Following pressure from the US Government, Canada is preparing to ram through a revamped copyright bill that will have disastrous consequences for consumers. The Government is hereby ignoring the public consultation held last year, where many Canadians spoke out against harsher copyright legislation.
In 2008, Canadian lawmakers proposed a new anti-piracy bill dubbed C-61. The plans met great opposition from the public and were eventually wiped from the table later that year prior to the federal elections. Last year, the Government decided to consult the public on what they would want from a new copyright bill.

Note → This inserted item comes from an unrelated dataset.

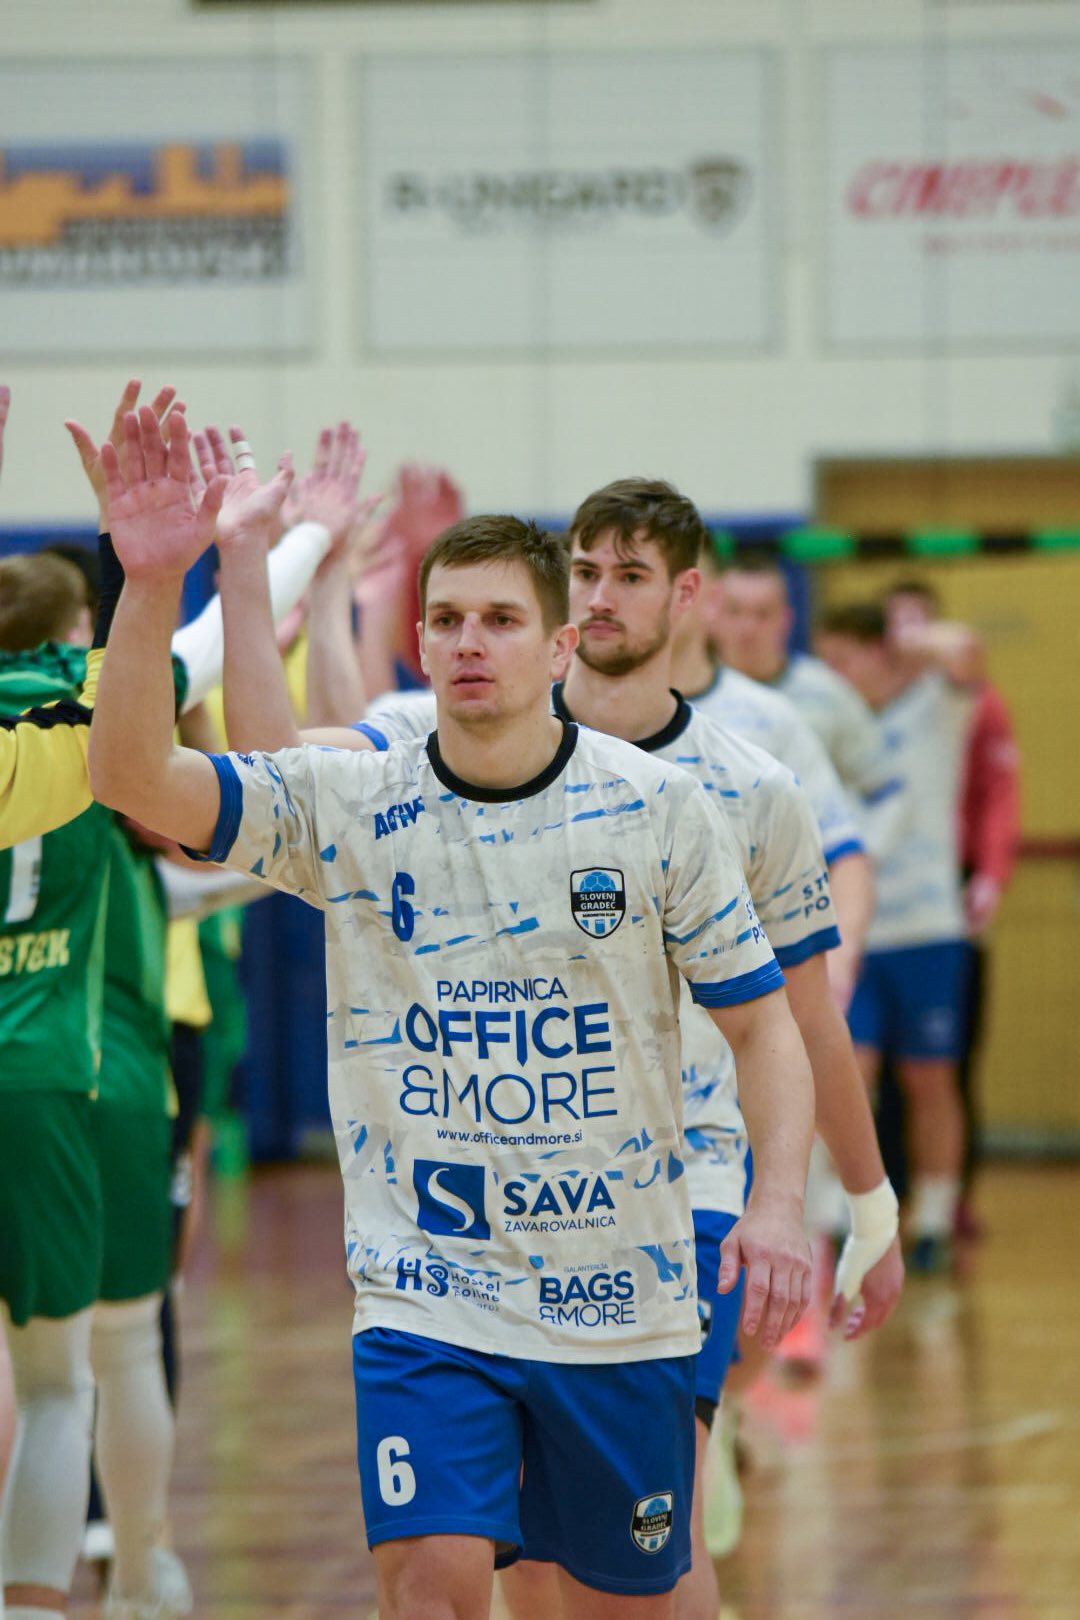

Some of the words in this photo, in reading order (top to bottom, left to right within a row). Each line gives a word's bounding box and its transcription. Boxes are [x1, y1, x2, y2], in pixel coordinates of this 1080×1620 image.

In that consultation the public made it clear that stricter copyright laws are not welcome. However, it seems that this has had very little effect as Canada’s Prime Minister is about to announce a ‘new’, even more draconian law. Michael Geist, prof. E-commerce Law in Ottawa, described the bill as “the most anti-consumer copyright bill in Canadian history.”
The owner of isoHunt, one of the largest BitTorrent sites that will be directly affected by the law, is rallying opposition against the new bill. IsoHunt’s Gary Fung is warning of the effects the bill will have on Canadians.
“The effects of a draconian copyright bill in Canada can be far reaching. Things Canadians take for granted, like copying your music from your computer to your music player and vice versa, can be deemed illegal with this new bill,” Gary told TorrentFreak.
“ISPs can be forced to handover private information of users on a whim without due process. They may be further encouraged to throttle P2P traffic, even for entirely legitimate uses like game files distribution. The new bill also is unlikely to provide fair exceptions for breaking DRM for purposes that doesn’t violate copyright, which unfairly prohibits one’s tinkering with electronics he owns,” Gary added.
Gary’s warnings are justified. Although it is not completely clear what the details of the new bill will be, it is expected that it will be the Canadian equivalent of the US Digital Millennium Copyright Act. This means that copyright takedown request become a censorship tool while consumers lose several ‘fair use’ rights.
IsoHunt is currently hosted in Canada and involved in a lawsuit against the Canadian Recording Industry Assicoation (CRIA). If this new bill is passed, this would mean that isoHunt’s chances of winning that long standing legal battle will decrease significantly.
Gary further told TorrentFreak that he is worried that the new bill will lead to increased censorship by copyright holders. “We need laws that support our neutrality and our ability to operate a search engine free of censorship and unreasonable constraints,” Gary told us, adding that the new bill would provide the opposite.
“We’ve seen record labels sending us takedown notices mixed with links to porn, and the new Canadian bill should provide recourse against rights holders providing false identification information. Unless music companies are really switching to distributing porn,” he added.
Once again, we have to encourage all Canadian readers to speak out against the bill before it’s too late. Although the Government ignored the people’s opinion during the consultation, doing nothing will mean that the war is lost for sure. Michael Geist encourages all Canadians to write a paper letter to their Member of Parliament and provides some further pointers.